* **Exercise requirements**: Can you print the data exactly and leave out each image?

(Given records)

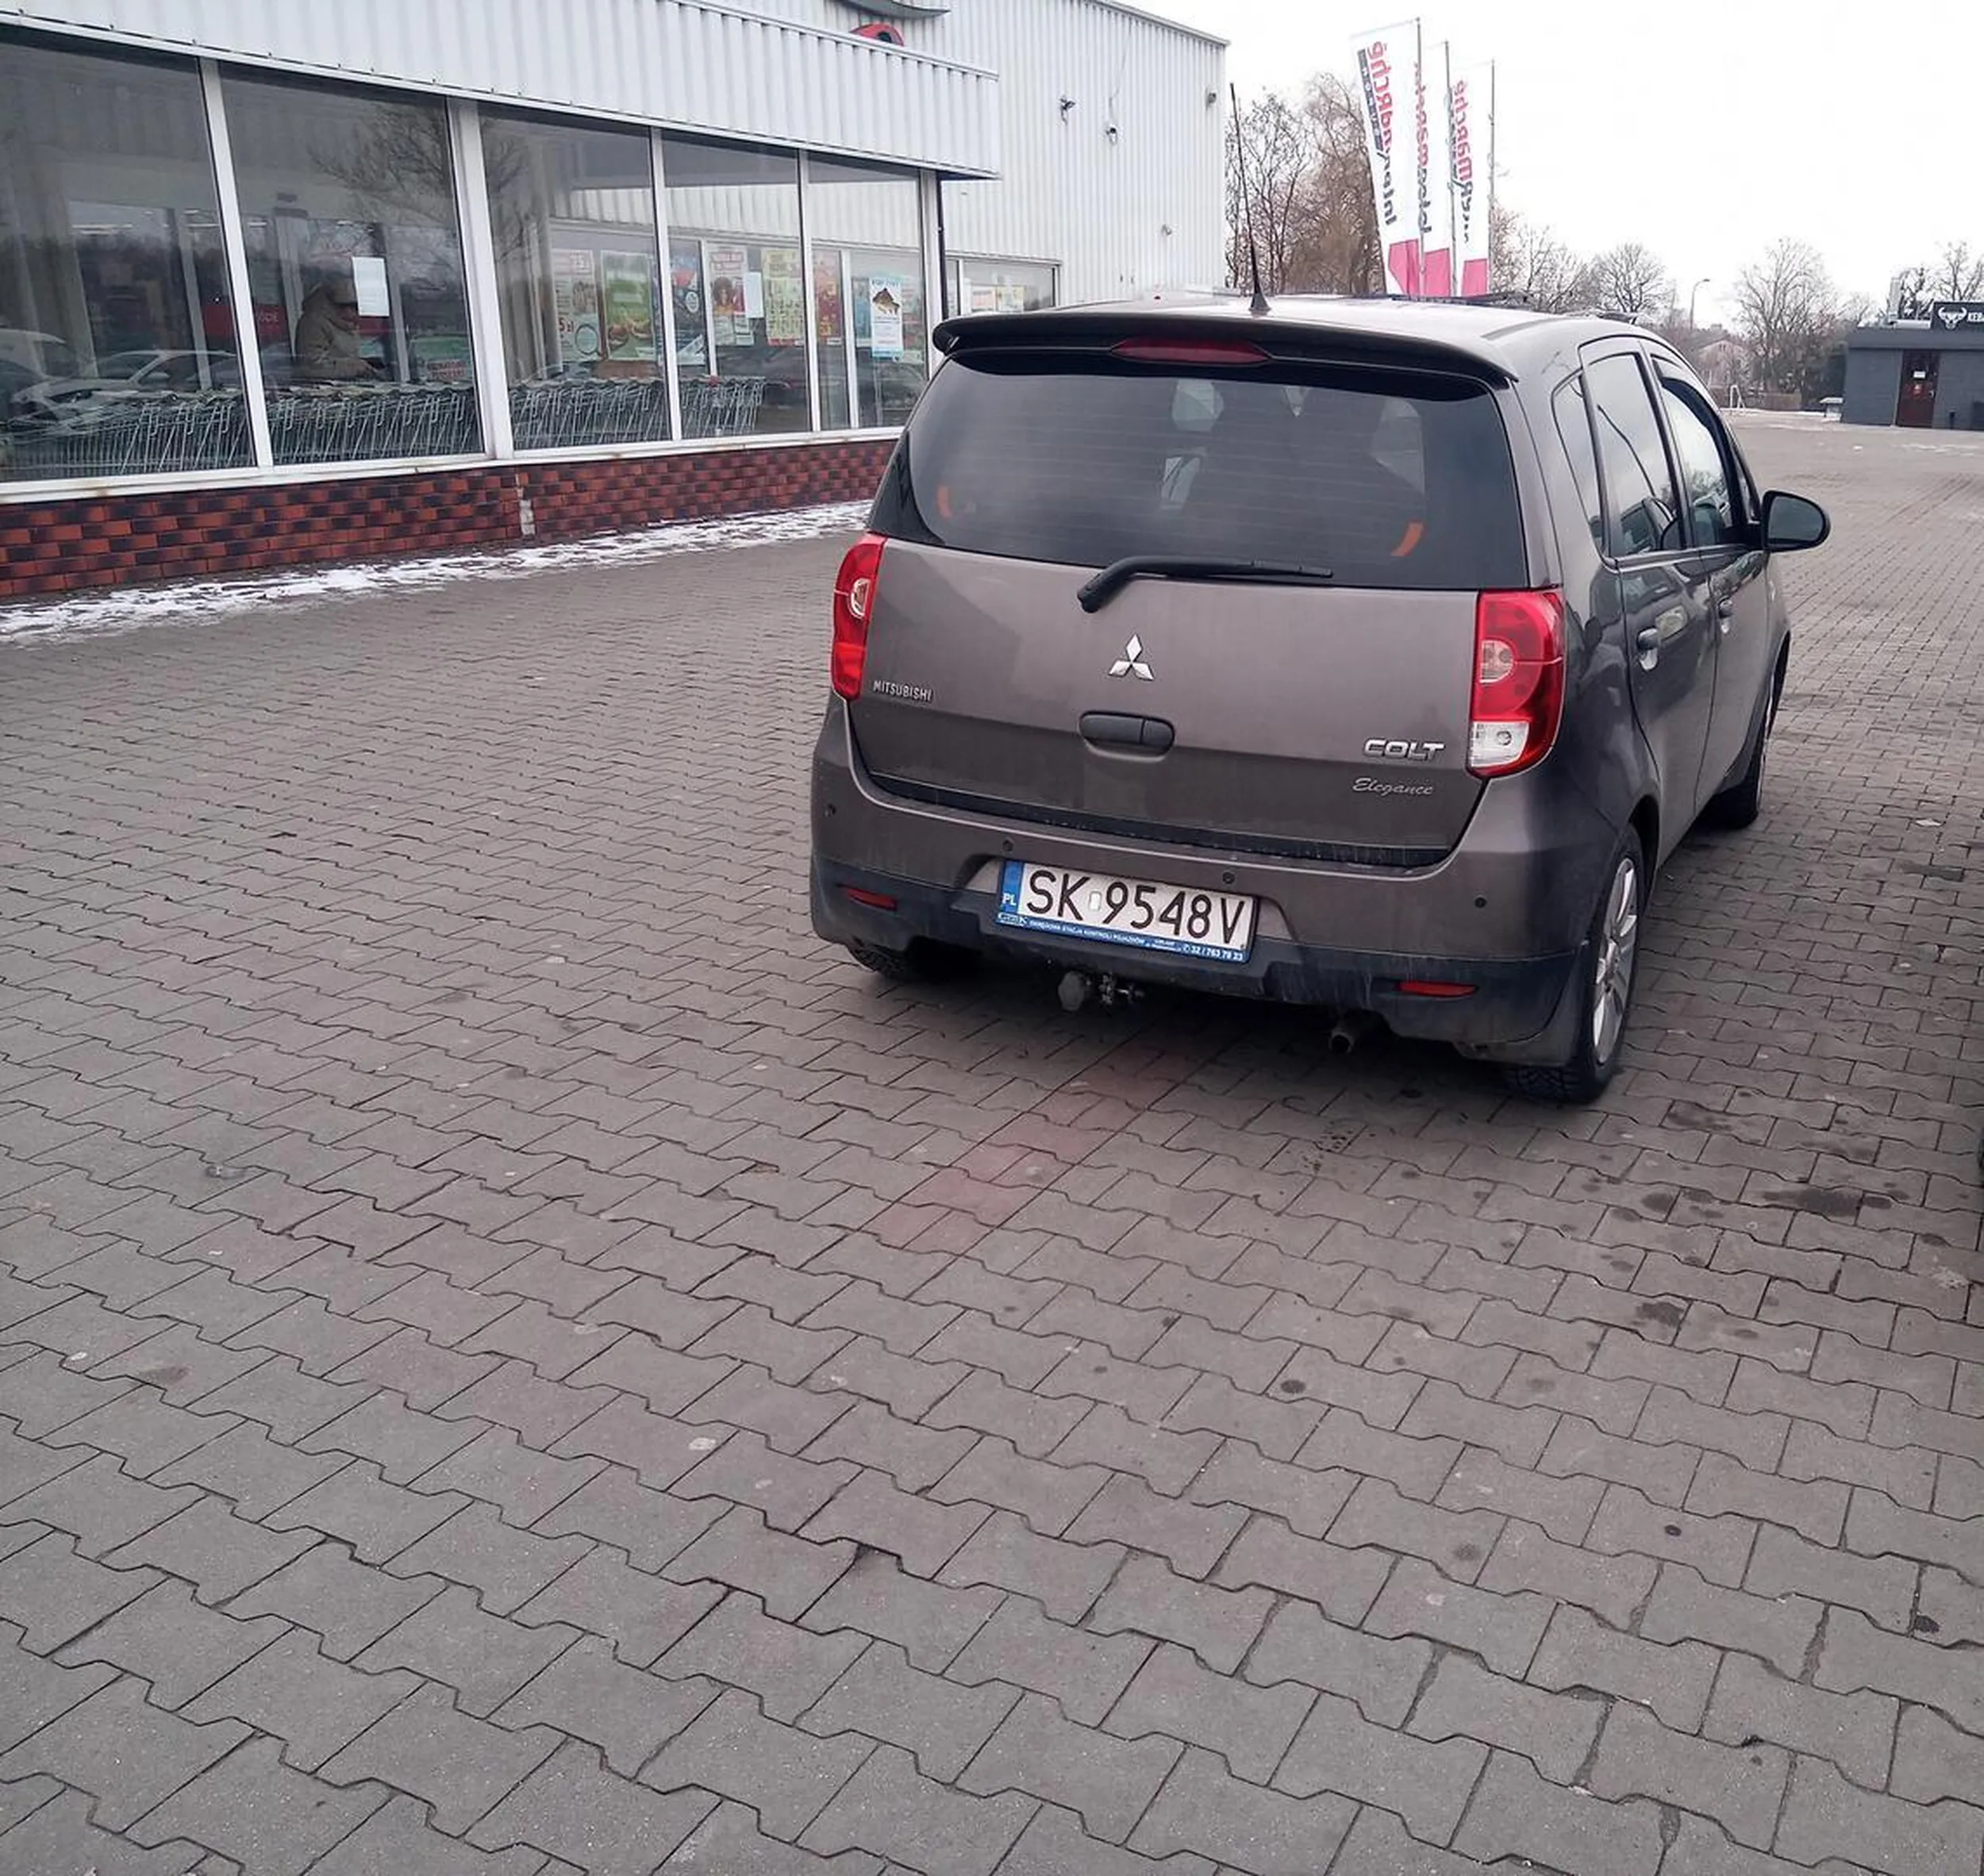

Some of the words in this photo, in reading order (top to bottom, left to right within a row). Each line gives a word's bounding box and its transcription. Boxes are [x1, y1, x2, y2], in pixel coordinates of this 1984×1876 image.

[873, 680, 932, 702] MITSUBISHI
[1364, 739, 1444, 761] COLT
[1352, 777, 1433, 796] Elegance
[1002, 892, 1017, 908] PL
[1026, 870, 1091, 921] SK
[1102, 881, 1246, 944] 9548V

(End Given records)

* **Problem solution**:
Some of the words in this photo, in reading order (top to bottom, left to right within a row). Each line gives a word's bounding box and its transcription. Boxes are [x1, y1, x2, y2], in pixel coordinates of this 1984×1876 image.

[873, 680, 932, 702] MITSUBISHI
[1364, 739, 1444, 761] COLT
[1352, 777, 1433, 796] Elegance
[1002, 892, 1017, 908] PL
[1026, 870, 1091, 921] SK
[1102, 881, 1246, 944] 9548V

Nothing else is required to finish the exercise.